Archive for February, 2023

Monthly Meeting Tuesday, Feb 28, 2023 at 7 pm

The Alaska Peace Center monthly meeting will take place via Zoom and in person at the APC Office at 7 pm on Tuesday, February 28. All are welcome! This is actually the March meeting, but several of us are out of town on March 6 so the meeting is being held a week early.

Everyone is welcome to join in, to help determine and shape upcoming APC actions. 

Also we need at least two more board members at this time, as well as a new volunteers coordinator.

If you have a vision for achieving well-being for all, achieving Peace, Justice and Sustainability, and helping remediate damages done locally and globally, please show up. 

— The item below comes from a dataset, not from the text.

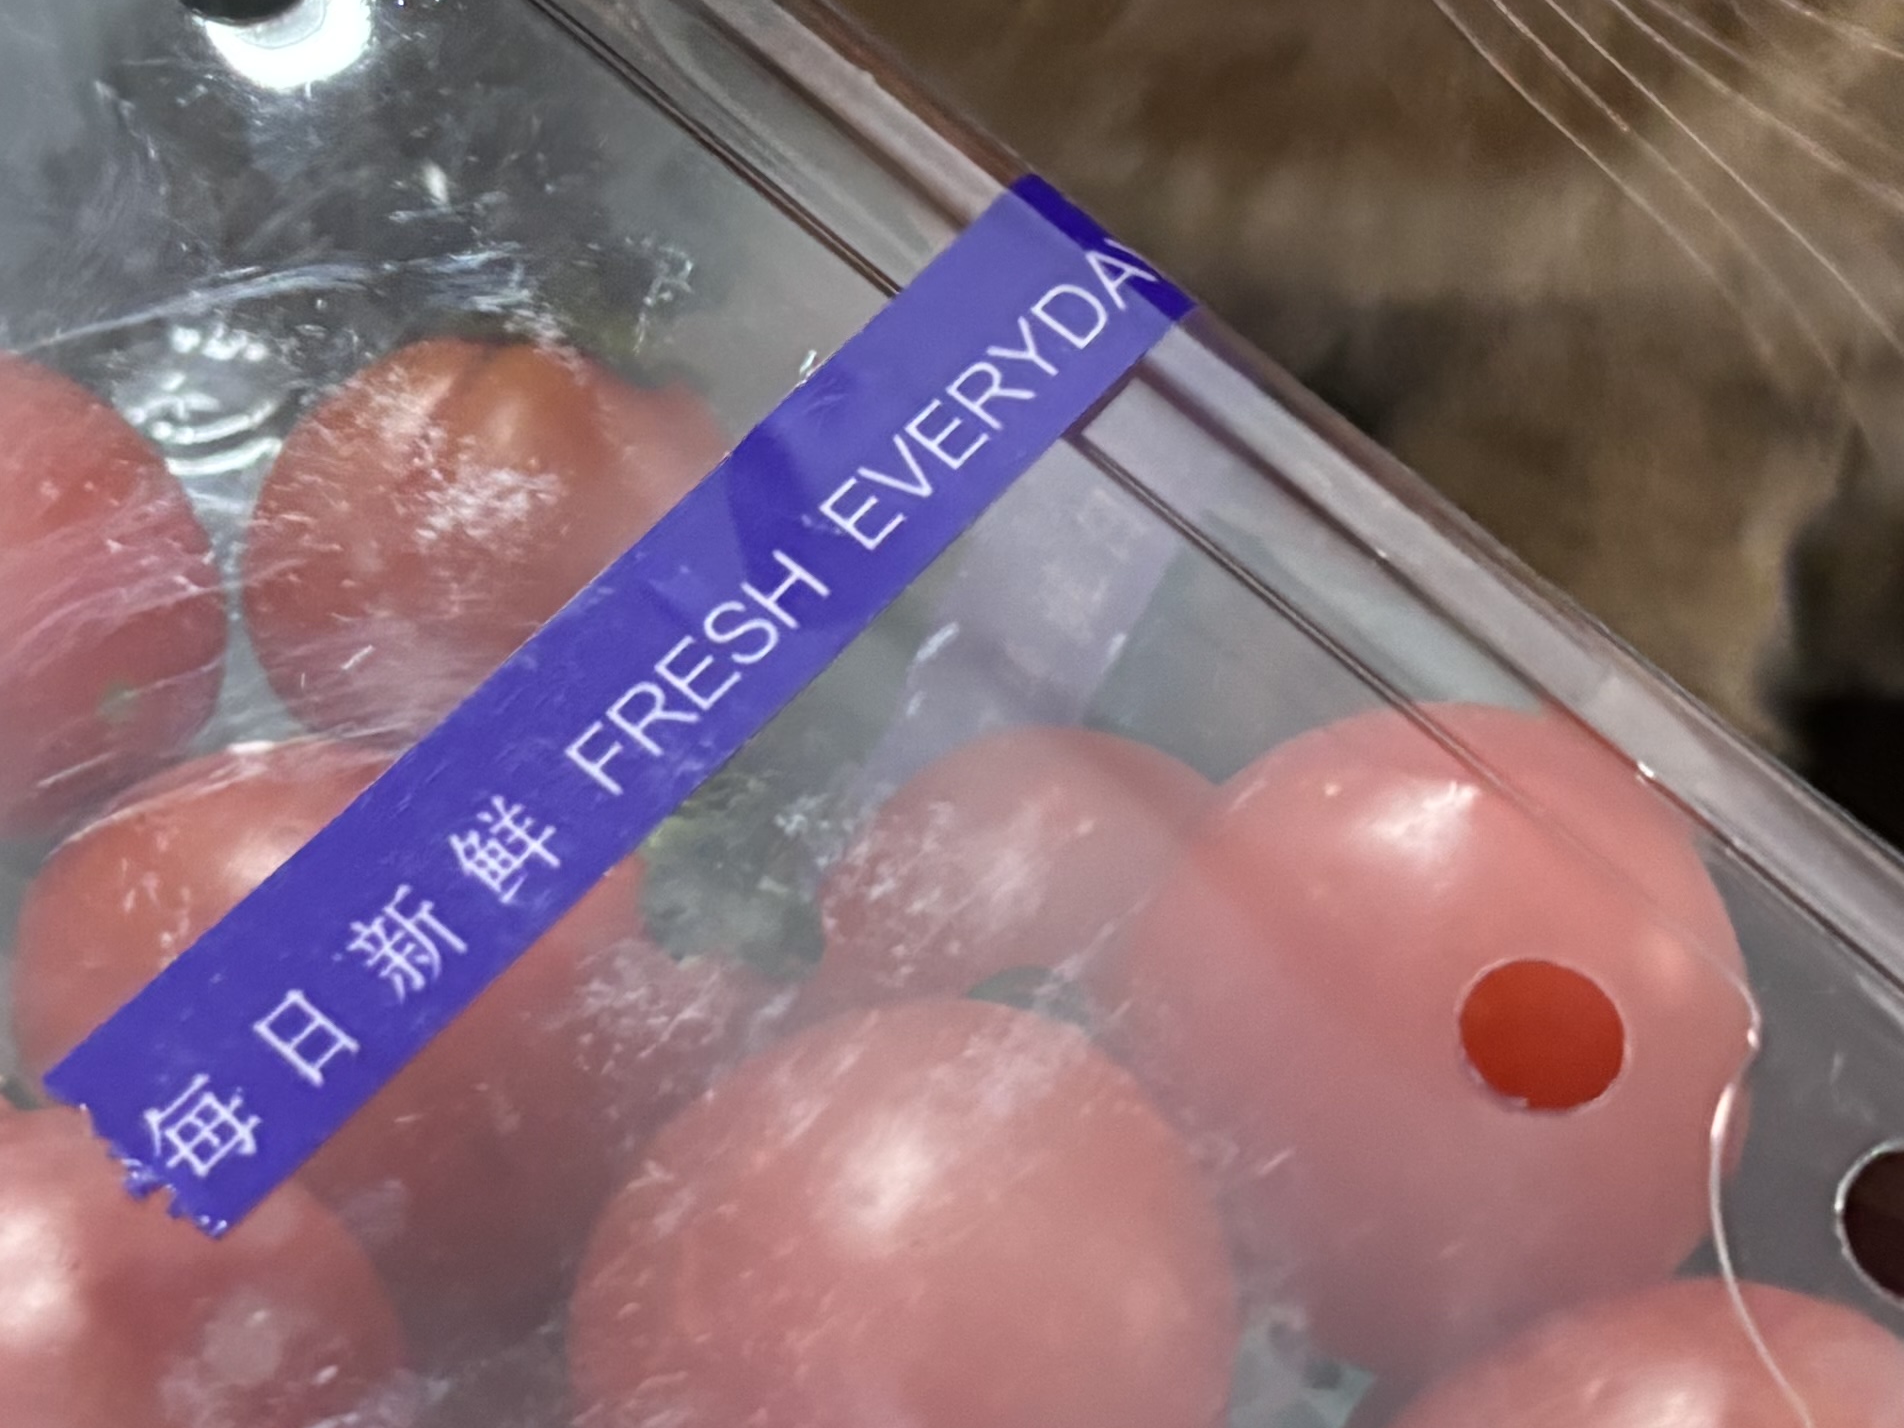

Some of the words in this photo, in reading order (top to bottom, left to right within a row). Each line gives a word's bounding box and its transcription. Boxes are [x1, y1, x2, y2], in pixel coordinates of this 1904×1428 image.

[143, 795, 561, 1176] 每日新鲜
[564, 549, 831, 797] FRESH
[818, 237, 1159, 551] EVERYDA
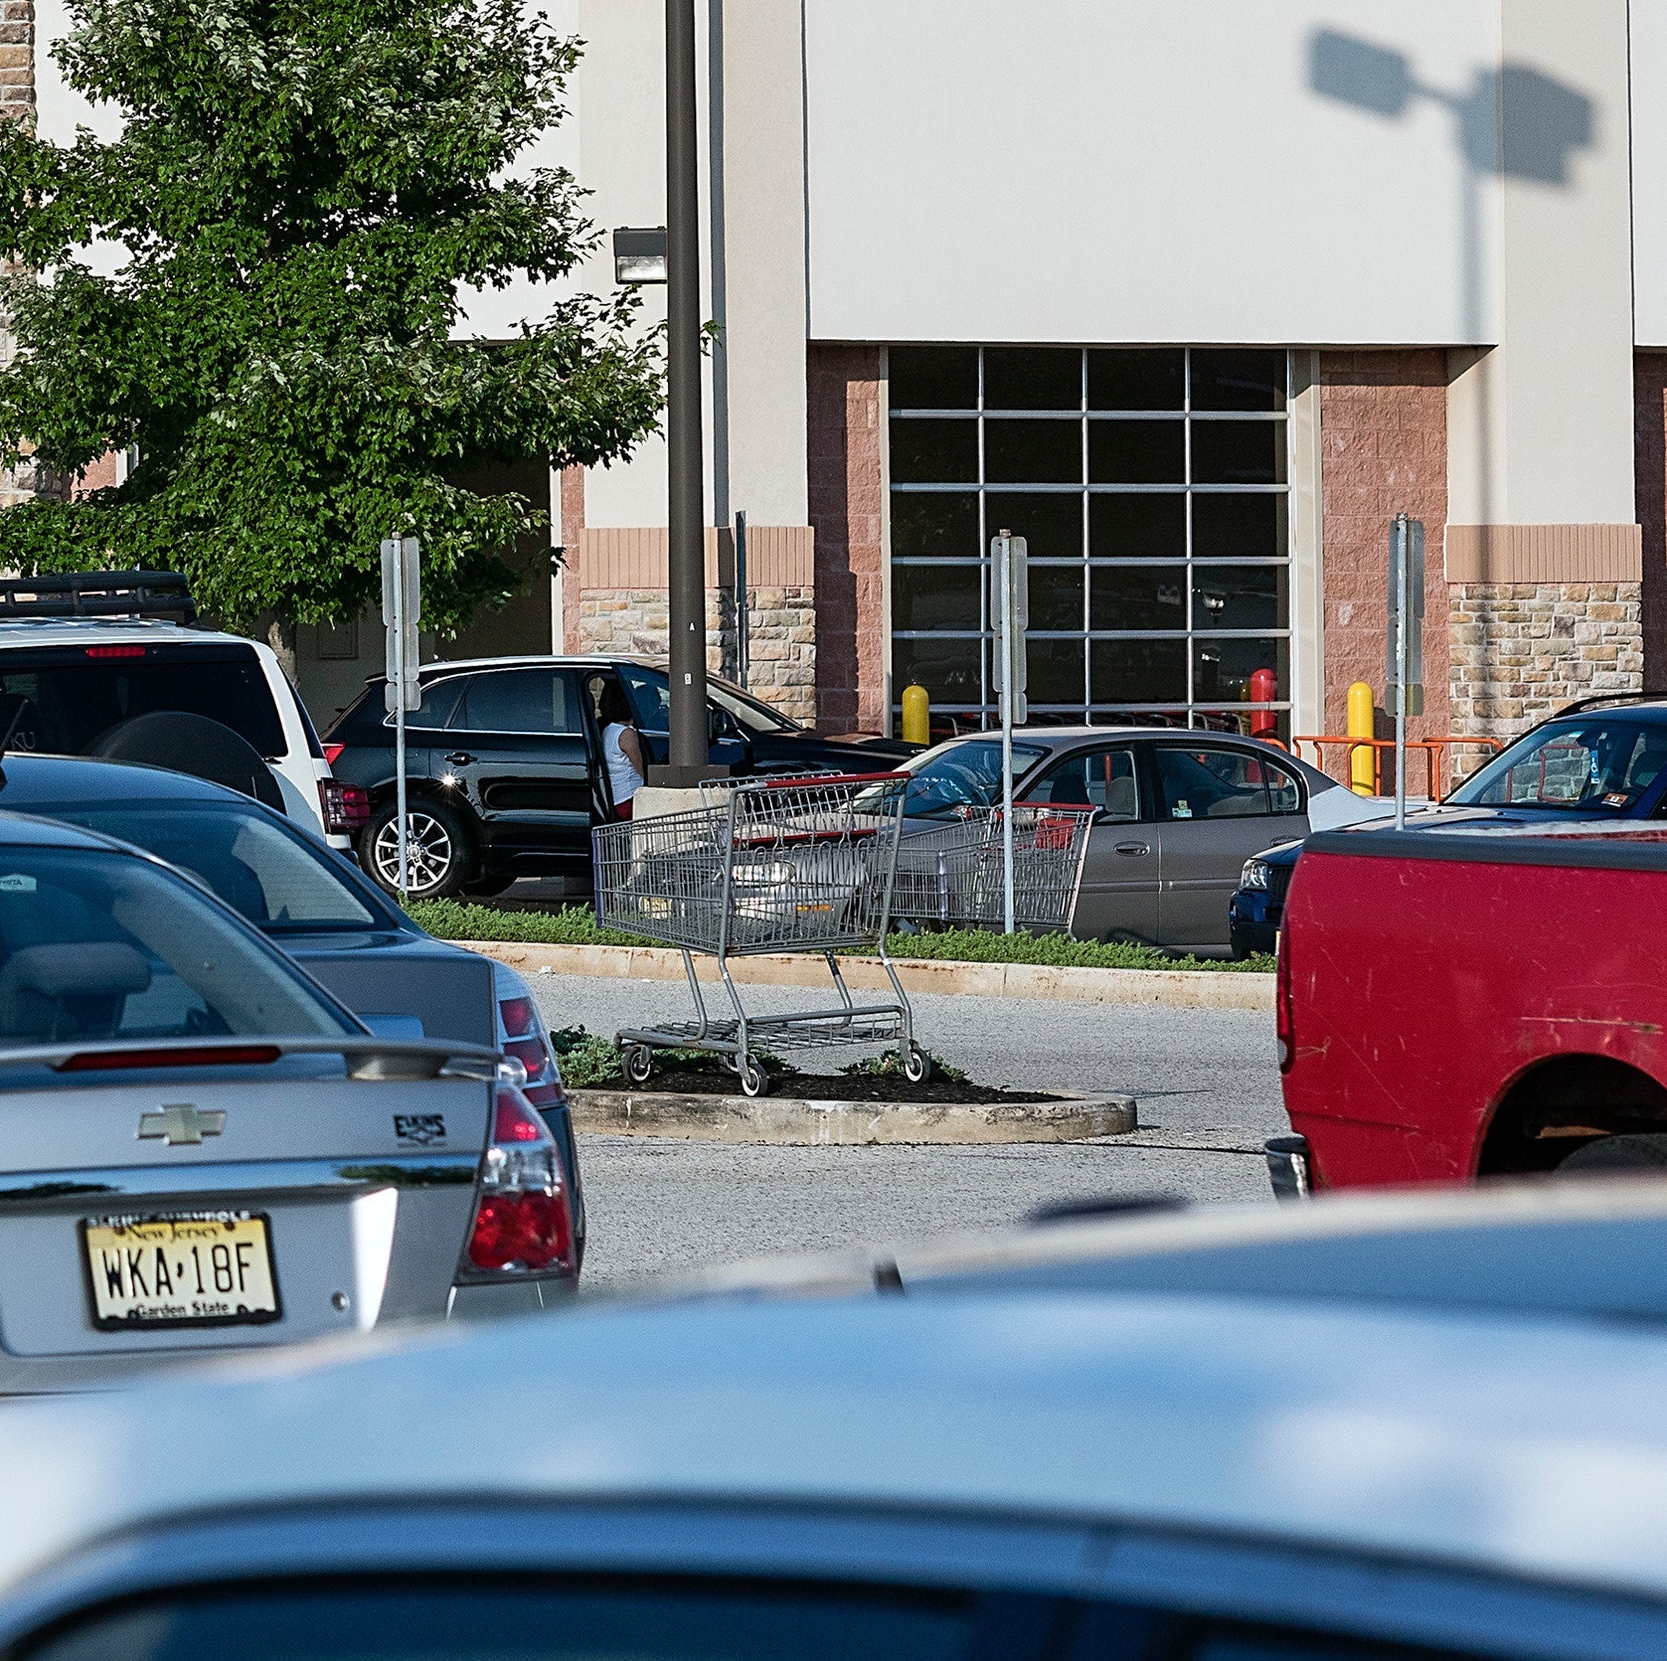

Or if you just would like to help move in that direction, please show up. 

Join Zoom Meeting
https://us06web.zoom.us/j/84389719538?pwd=dDdJVnZzSXM5SWdXd0pWcWdpdUtxdz09

Meeting ID: 843 8971 9538
Passcode: 149078

Last Friday Monthly Video and Discussion, February 24, 2023, 7:15 pm

The documentary movie “The Rebellious Life of Mrs. Rosa Parks”, directed by Yoruba Richen was released in 2022. It is based on the book of the same title written by Jeanne Theoharis. Last October, Amy Goodman of Democracy Now interviewed both author and director. Though not a substitute for seeing the film itself, this 47-minute interview provides much insight into Rosa Parks’ life beyond her refusal to move to the back of a bus in Montgomery, Alabama in 1955. Please join us as we watch the interview over Zoom this Friday evening.

Join Zoom Meeting
https://us06web.zoom.us/j/83400667036?pwd=aEtvQXU2cUwyZER4NUZqQ0taUEh1UT09

Meeting ID: 834 0066 7036
Passcode: 116449

From the Democracy Now website about the interview:

The new documentary “The Rebellious Life of Mrs. Rosa Parks” gives a comprehensive look at the legacy of the woman known for refusing to give up her bus seat to a white passenger in 1955, a pivotal moment in the civil rights movement. Beyond helping to inspire the Montgomery bus boycott that ended Alabama’s bus segregation law, Parks was also a lifelong supporter of the Black Power movement and organized in campaigns to seek justice for wrongfully imprisoned Black people, political prisoners, and Black rape survivors like Recy Taylor, whose case Parks investigated for the NAACP in 1944. We speak to the film’s co-director, Yoruba Richen, who says Parks paid a price for her activism, including having to leave Montgomery for Detroit to escape public backlash. “We often think of these civil rights leaders as heroic, and [they] make these stances, and then everything’s fine. But the risk and the danger that they face is often not explored,” says Richen. We also speak with Jeanne Theoharis, author of the best-selling biography “The Rebellious Life of Mrs. Rosa Parks,” on which the documentary is based, and a consulting producer. “She shows up for everything,” Theoharis says of Parks’s activism. “She is looking for all different kinds of strategies to challenge the kind of racial injustice in this country, the social injustice, poverty, war.”


The movie itself is available to members of Peacock.